### WORK TASK
Give the whole listing below once more, exactly, without pictures.

....

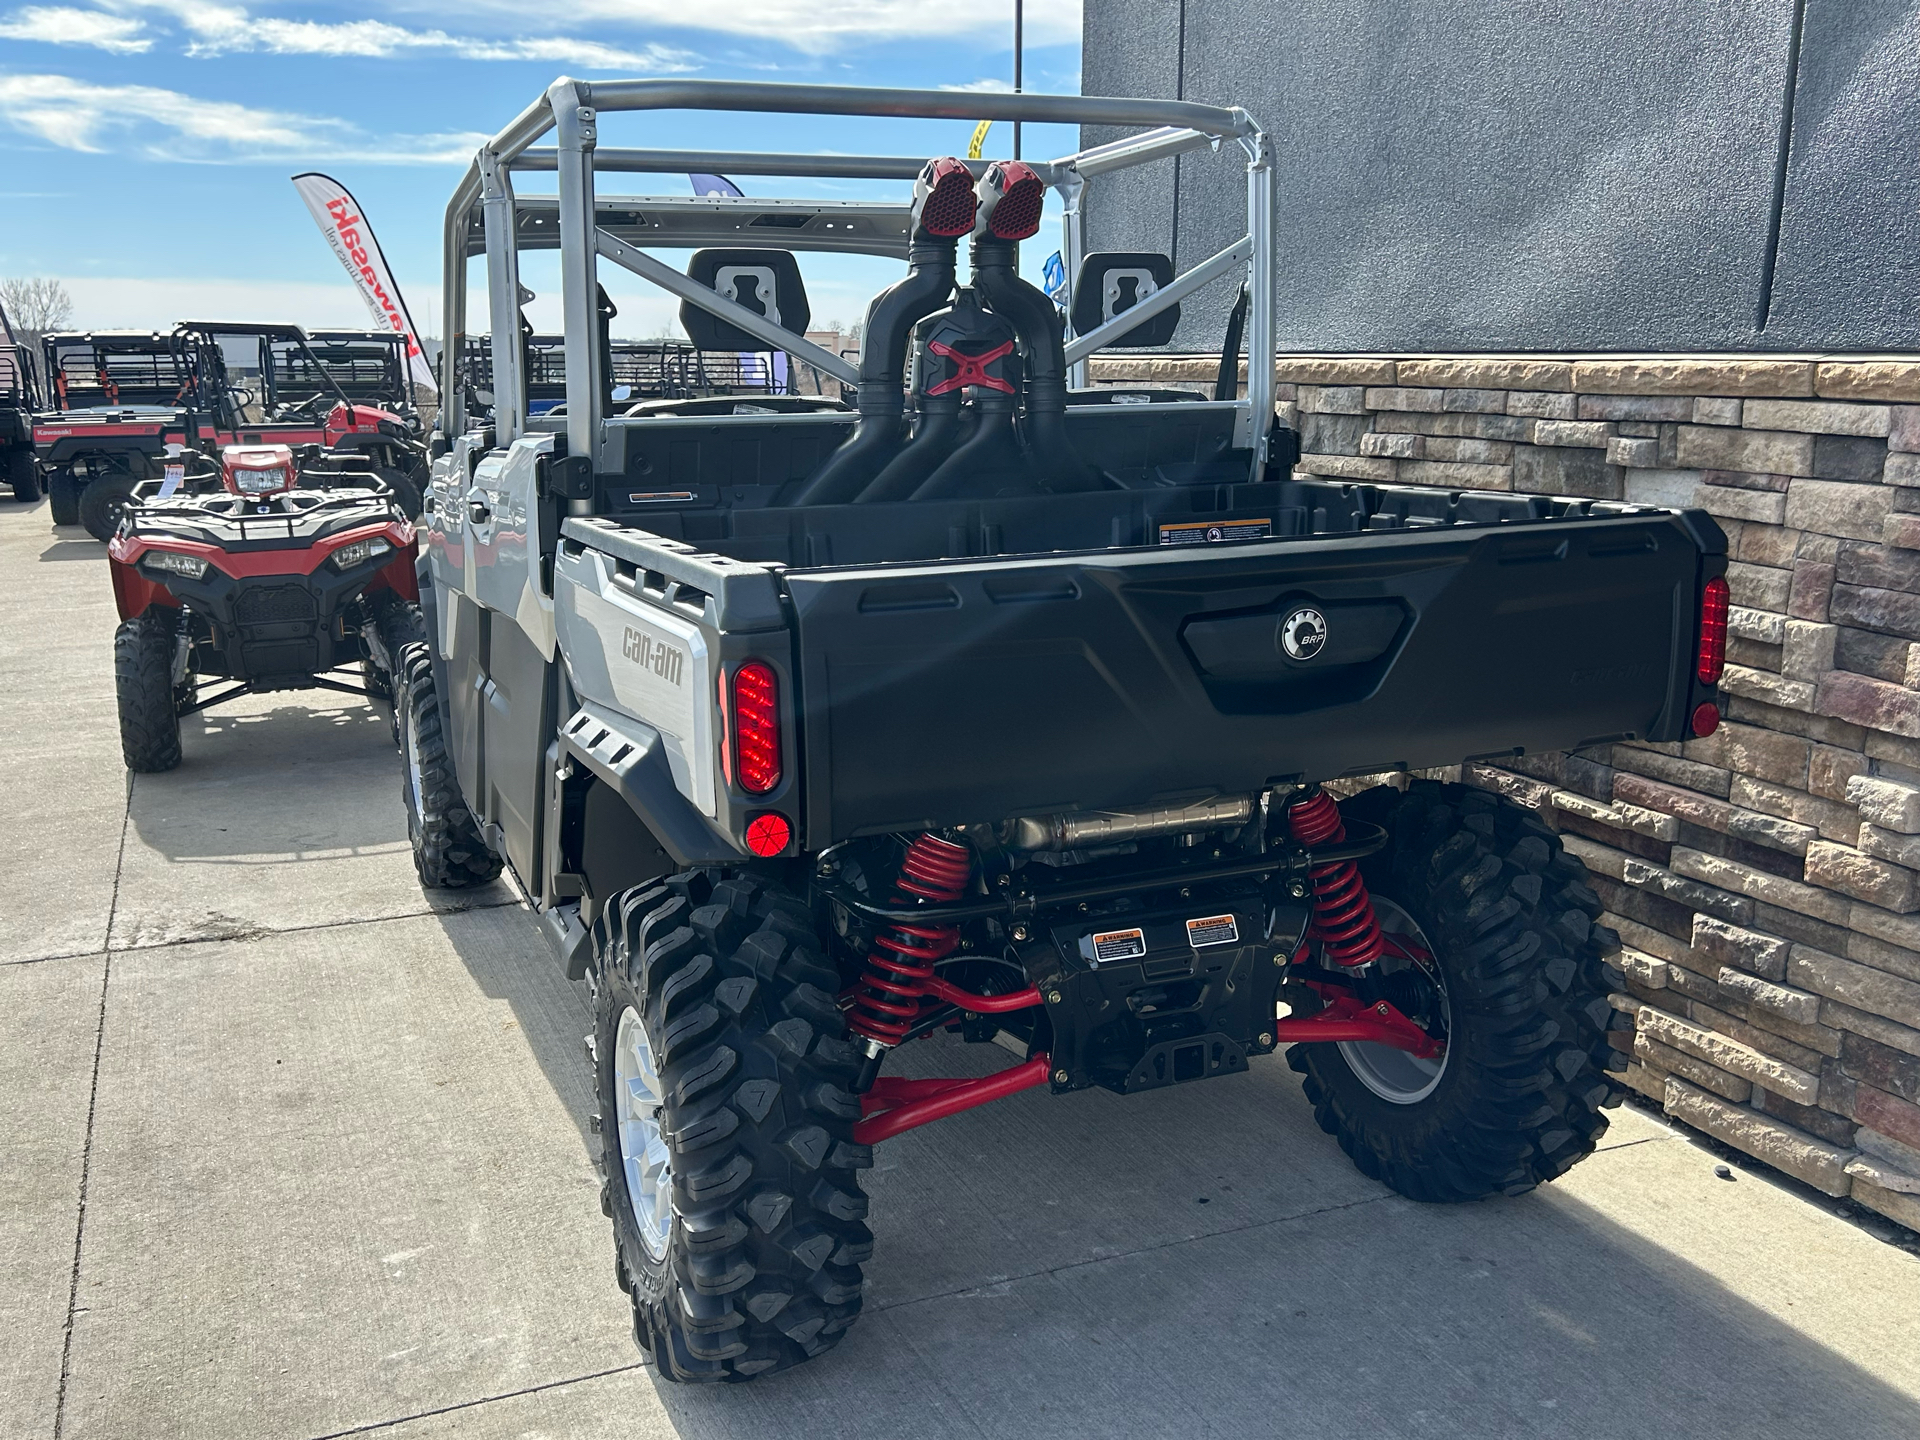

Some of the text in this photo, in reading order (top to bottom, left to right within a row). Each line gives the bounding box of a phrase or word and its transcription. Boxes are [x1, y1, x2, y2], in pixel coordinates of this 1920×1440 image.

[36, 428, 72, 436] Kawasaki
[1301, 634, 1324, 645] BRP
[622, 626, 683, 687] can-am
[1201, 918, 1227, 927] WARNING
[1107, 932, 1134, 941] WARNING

....

### YOUR SOLUTION
Some of the text in this photo, in reading order (top to bottom, left to right within a row). Each line gives the bounding box of a phrase or word and its transcription. Boxes are [x1, y1, x2, y2], in pixel coordinates of this 1920×1440 image.

[36, 428, 72, 436] Kawasaki
[1301, 634, 1324, 645] BRP
[622, 626, 683, 687] can-am
[1201, 918, 1227, 927] WARNING
[1107, 932, 1134, 941] WARNING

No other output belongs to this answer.